Recycling Failures: Salvaging Exploration in RLVR via Fine-Grained Off-Policy Guidance

Reinforcement Learning from Verifiable Rewards (RLVR) has emerged as a powerful paradigm for enhancing the complex reasoning capabilities of Large Reasoning Models. However, standard outcome-based supervision suffers from a critical limitation that penalizes trajectories that are largely correct but fail due to several missteps as heavily as completely erroneous ones. This coarse feedback signal causes the model to discard valuable largely correct rollouts, leading to a degradation in rollout diversity that prematurely narrows the exploration space. Process Reward Models have demonstrated efficacy in providing reliable step-wise verification for test-time scaling, naively integrating these signals into RLVR as dense rewards proves ineffective.Prior methods attempt to introduce off-policy guided whole-trajectory replacement that often outside the policy model's distribution, but still fail to utilize the largely correct rollouts generated by the model itself and thus do not effectively mitigate the narrowing of the exploration space. To address these issues, we propose SCOPE (Step-wise Correction for On-Policy Exploration), a novel framework that utilizes Process Reward Models to pinpoint the first erroneous step in suboptimal rollouts and applies fine-grained, step-wise off-policy rectification. By applying precise refinement on partially correct rollout, our method effectively salvages partially correct trajectories and increases diversity score by 13.5%, thereby sustaining a broad exploration space. Extensive experiments demonstrate that our approach establishes new state-of-the-art results, achieving an average accuracy of 46.6% on math reasoning and exhibiting robust generalization with 53.4% accuracy on out-of-distribution reasoning tasks.

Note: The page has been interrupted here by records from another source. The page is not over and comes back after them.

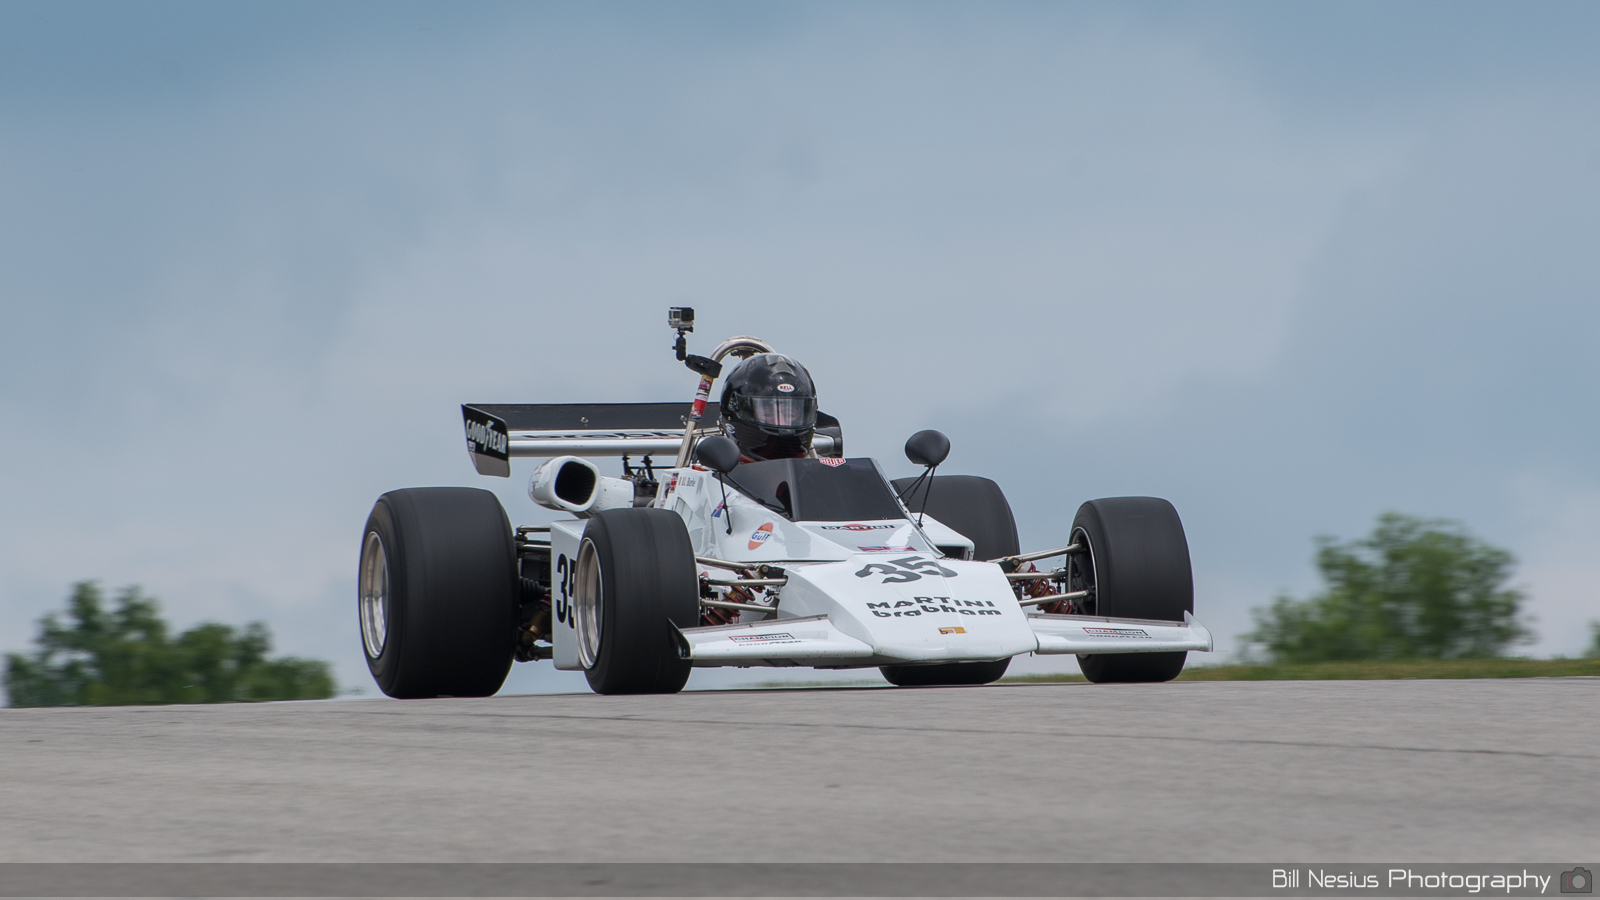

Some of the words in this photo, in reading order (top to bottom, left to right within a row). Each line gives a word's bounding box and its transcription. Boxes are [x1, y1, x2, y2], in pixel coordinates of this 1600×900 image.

[466, 419, 507, 454] GOODYEAR
[751, 531, 772, 543] Gulf
[855, 556, 958, 584] 35
[866, 596, 995, 610] MARTINI
[872, 605, 1002, 618] brabham
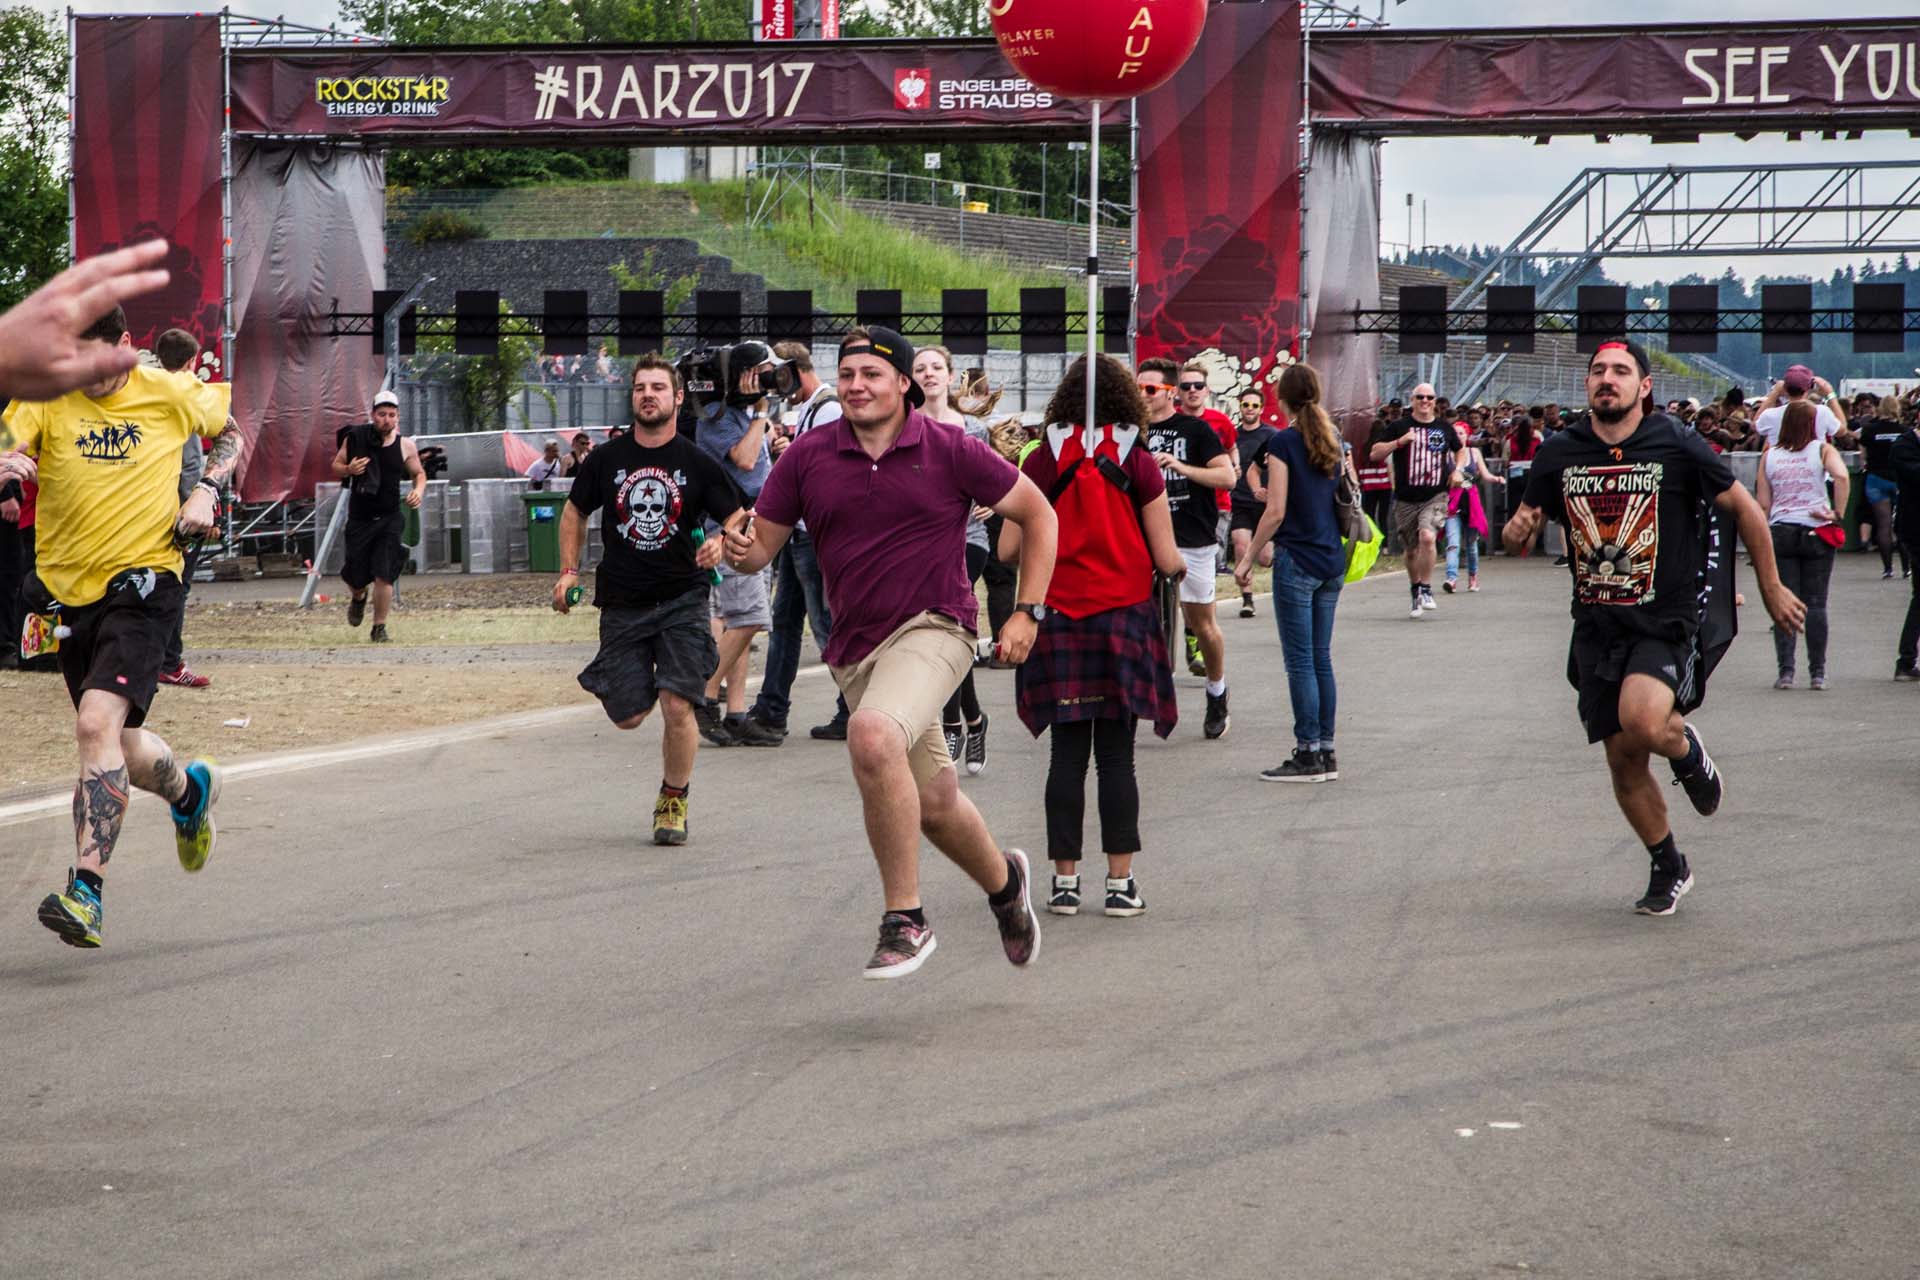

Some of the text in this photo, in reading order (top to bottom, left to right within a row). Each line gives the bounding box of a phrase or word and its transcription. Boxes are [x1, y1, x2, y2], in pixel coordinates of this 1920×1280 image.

[1682, 46, 1790, 104] SEE
[535, 62, 815, 120] #RAR2017
[939, 79, 1038, 92] ENGELBE
[328, 102, 437, 114] ENERGY DRINK
[939, 92, 1053, 109] STRAUSS
[1569, 475, 1605, 493] ROCK
[1618, 473, 1653, 492] RING
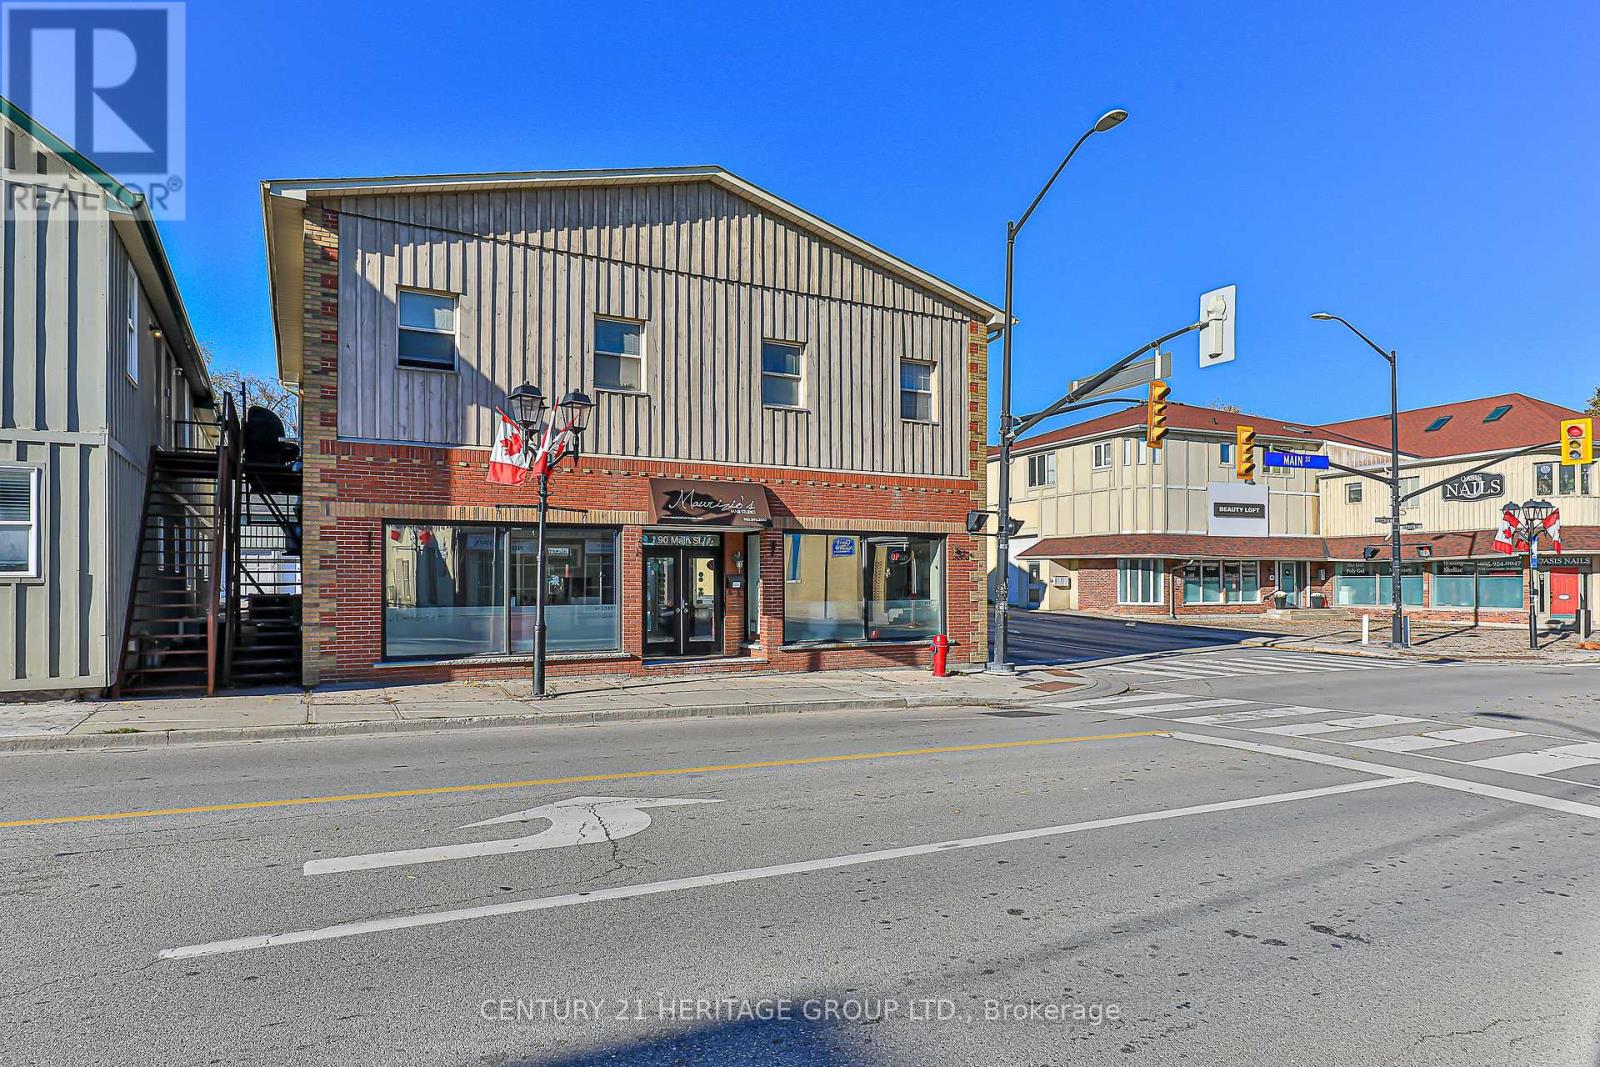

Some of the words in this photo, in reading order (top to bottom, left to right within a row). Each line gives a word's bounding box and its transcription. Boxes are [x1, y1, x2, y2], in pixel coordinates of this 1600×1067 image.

[1283, 454, 1303, 467] MAIN
[1460, 473, 1483, 484] OASIS
[1445, 479, 1501, 498] NAILS
[670, 535, 692, 545] Main
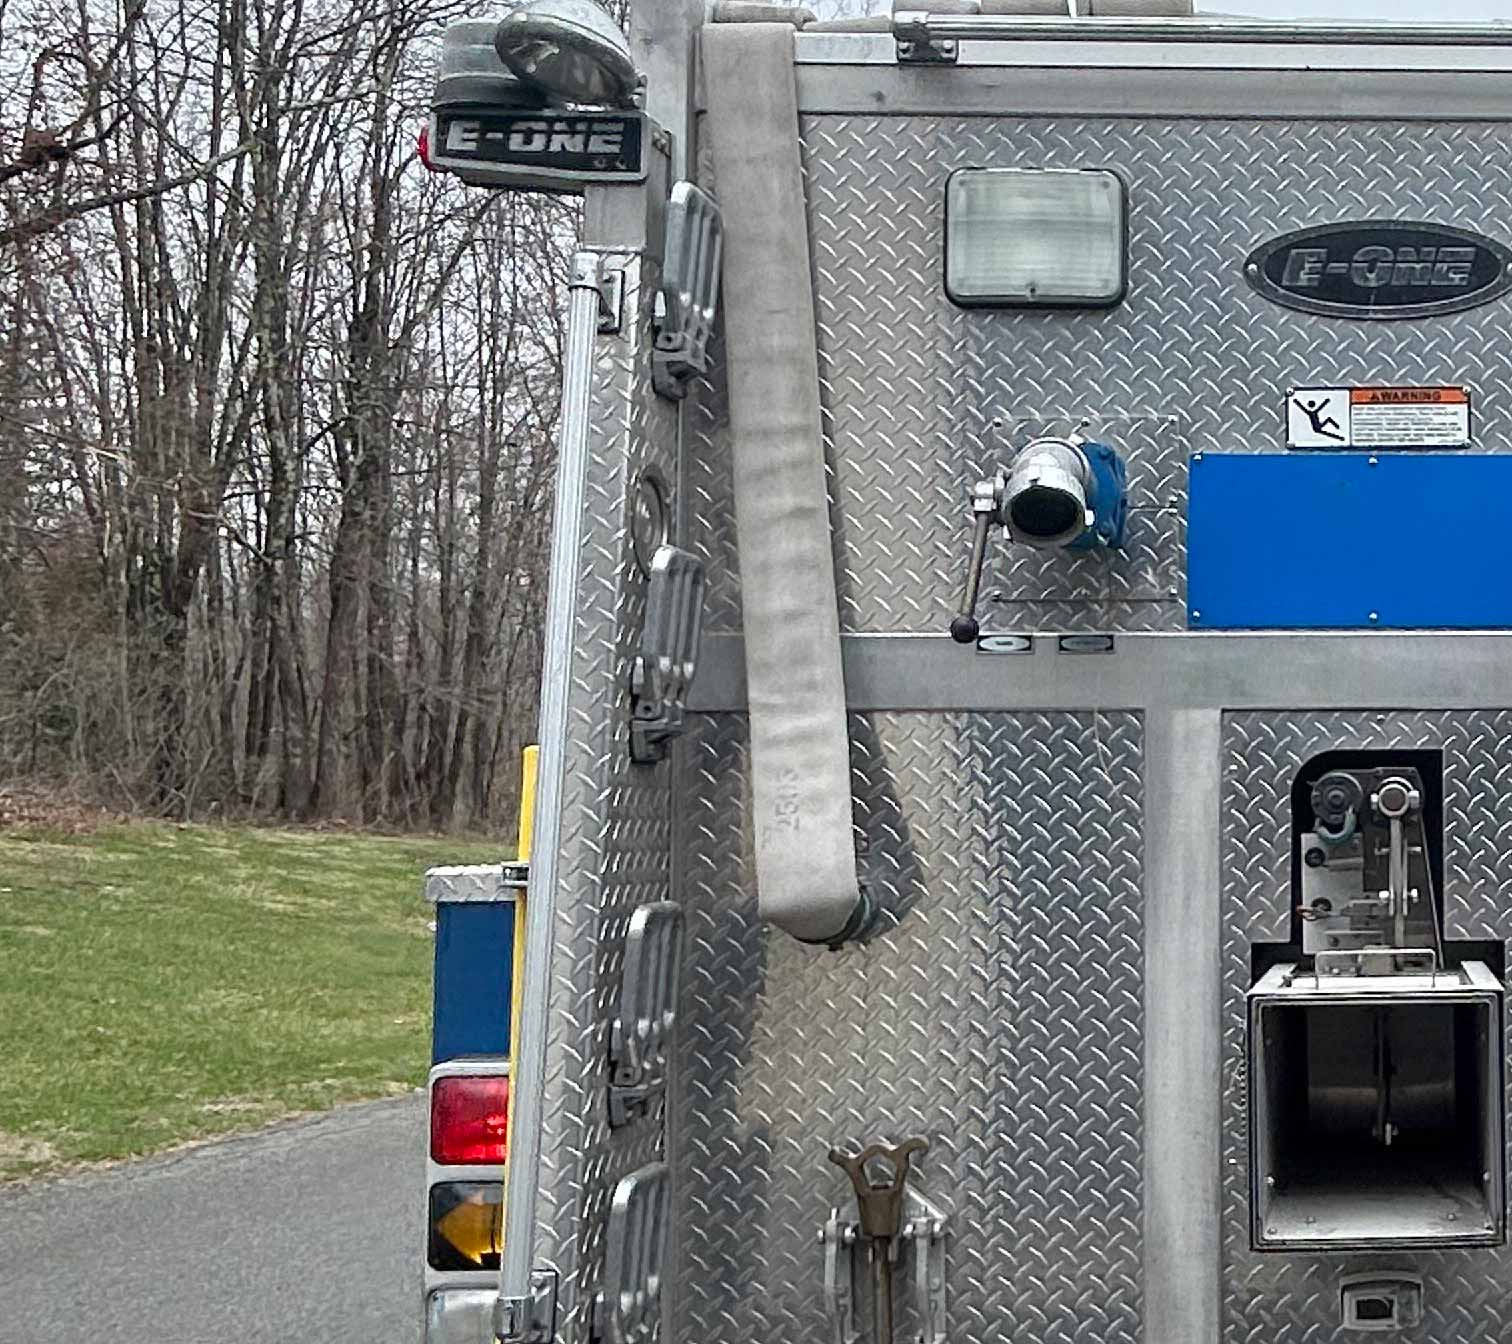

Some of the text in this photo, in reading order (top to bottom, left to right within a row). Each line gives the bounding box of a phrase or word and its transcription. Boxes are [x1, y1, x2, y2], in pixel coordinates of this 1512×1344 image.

翻译：基于可验证奖励的强化学习（RLVR）已成为增强大型推理模型复杂推理能力的强大范式。然而，标准基于结果的监督存在一个关键局限：它对那些大部分正确但因若干失误而失败的轨迹，与完全错误的轨迹施加同样严厉的惩罚。这种粗糙的反馈信号导致模型丢弃有价值的大部分正确的推演，造成推演多样性下降，从而过早地缩小了探索空间。过程奖励模型已证明能在测试时扩展中提供可靠的逐步验证，但将这些信号作为密集奖励简单集成到RLVR中被证明是无效的。先前的方法尝试引入离策略指导的整轨迹替换，但这些轨迹常超出策略模型的分布范围，且仍未能利用模型自身生成的大部分正确的推演，因此未能有效缓解探索空间的缩小。为解决这些问题，我们提出了SCOPE（面向策略探索的逐步校正），这是一个新颖的框架，它利用过程奖励模型精确定位次优推演中的首个错误步骤，并应用细粒度的、逐步的离策略修正。通过对部分正确的推演进行精确优化，我们的方法有效挽救了部分正确的轨迹，并将多样性分数提升了13.5%，从而维持了广阔的探索空间。大量实验表明，我们的方法确立了新的最先进结果，在数学推理上达到平均46.6%的准确率，并在分布外推理任务上表现出稳健的泛化能力，准确率达到53.4%。